### What the task requires
The entries are to be repeated exactly, with all pictures omitted.
:: Material for the task ::
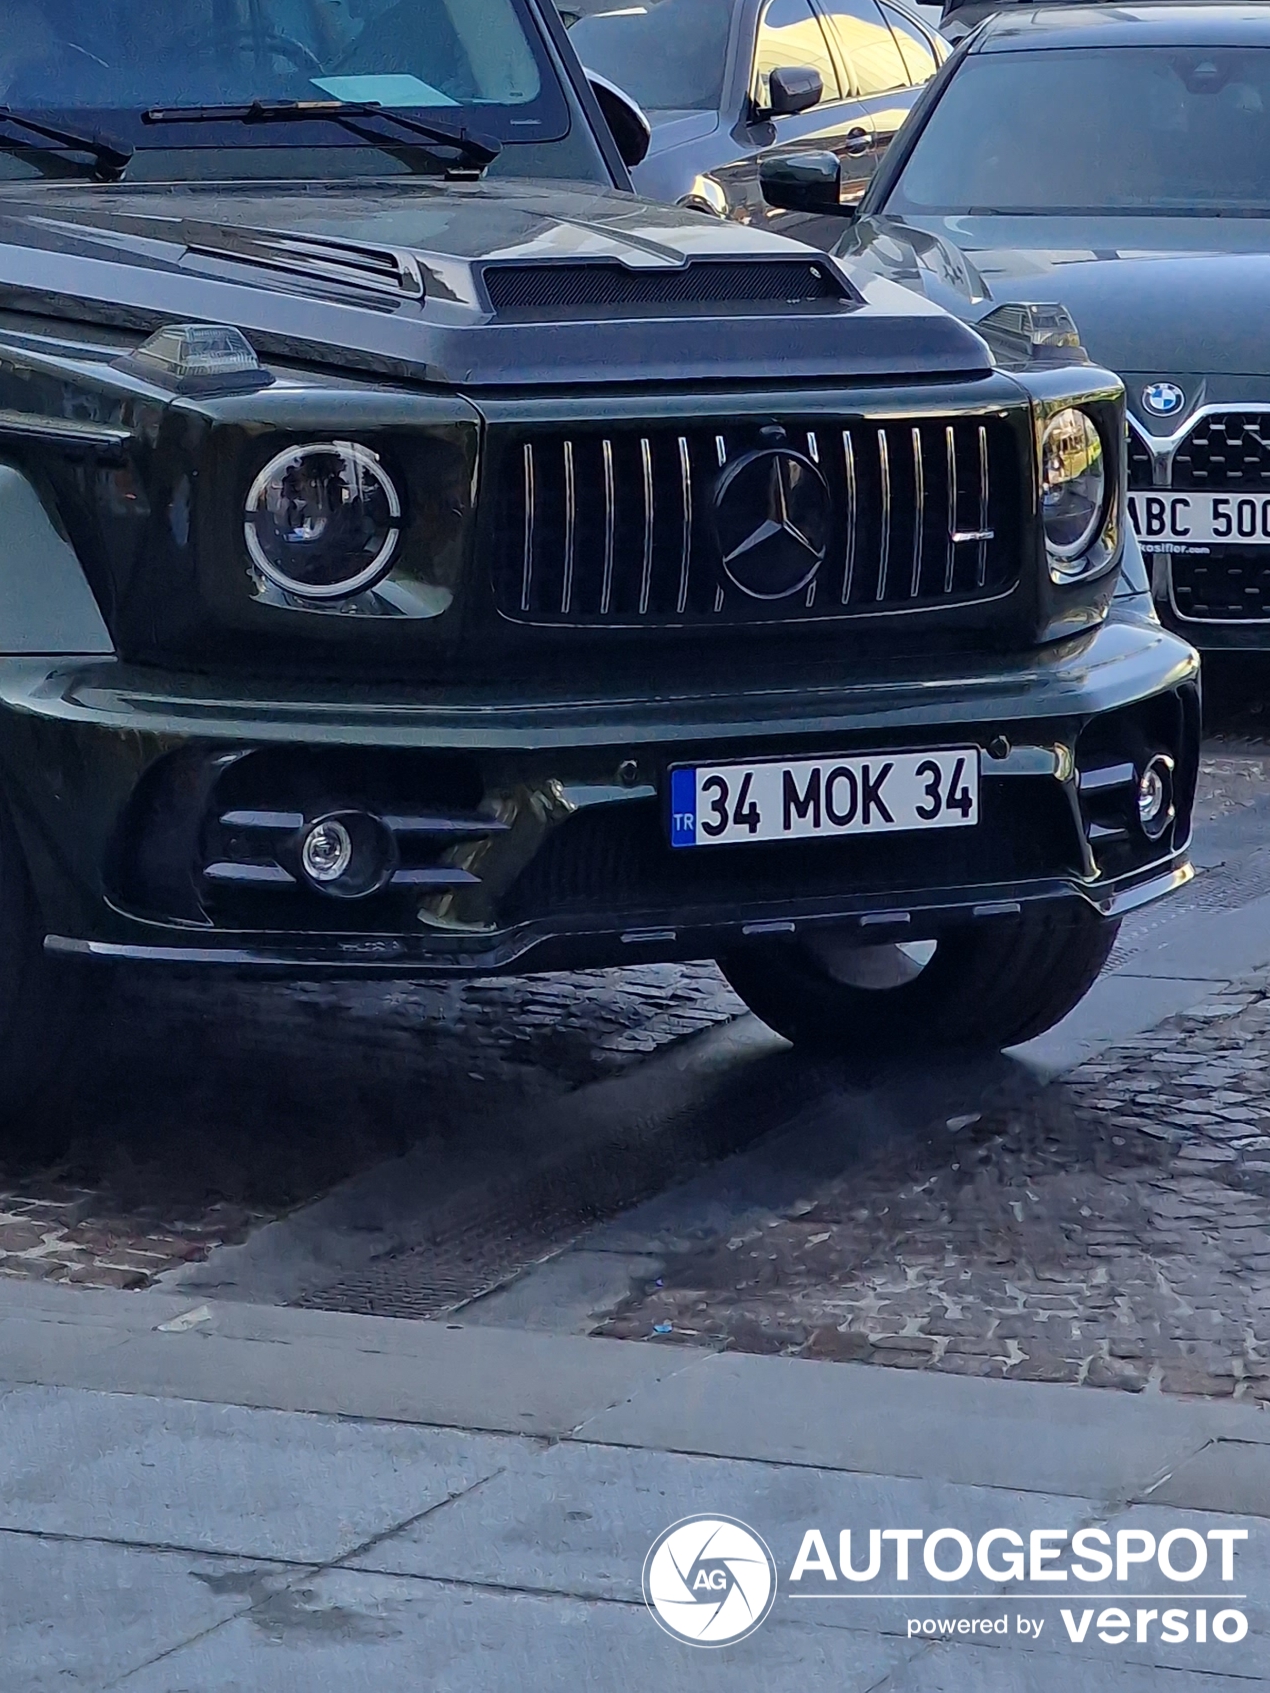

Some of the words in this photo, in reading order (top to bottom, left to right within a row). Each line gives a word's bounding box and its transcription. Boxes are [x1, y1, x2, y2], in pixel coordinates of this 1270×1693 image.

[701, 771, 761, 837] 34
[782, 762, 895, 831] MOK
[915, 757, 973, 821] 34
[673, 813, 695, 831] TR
:::
### Exercise response
Some of the words in this photo, in reading order (top to bottom, left to right within a row). Each line gives a word's bounding box and its transcription. Boxes are [x1, y1, x2, y2], in pixel coordinates of this 1270×1693 image.

[701, 771, 761, 837] 34
[782, 762, 895, 831] MOK
[915, 757, 973, 821] 34
[673, 813, 695, 831] TR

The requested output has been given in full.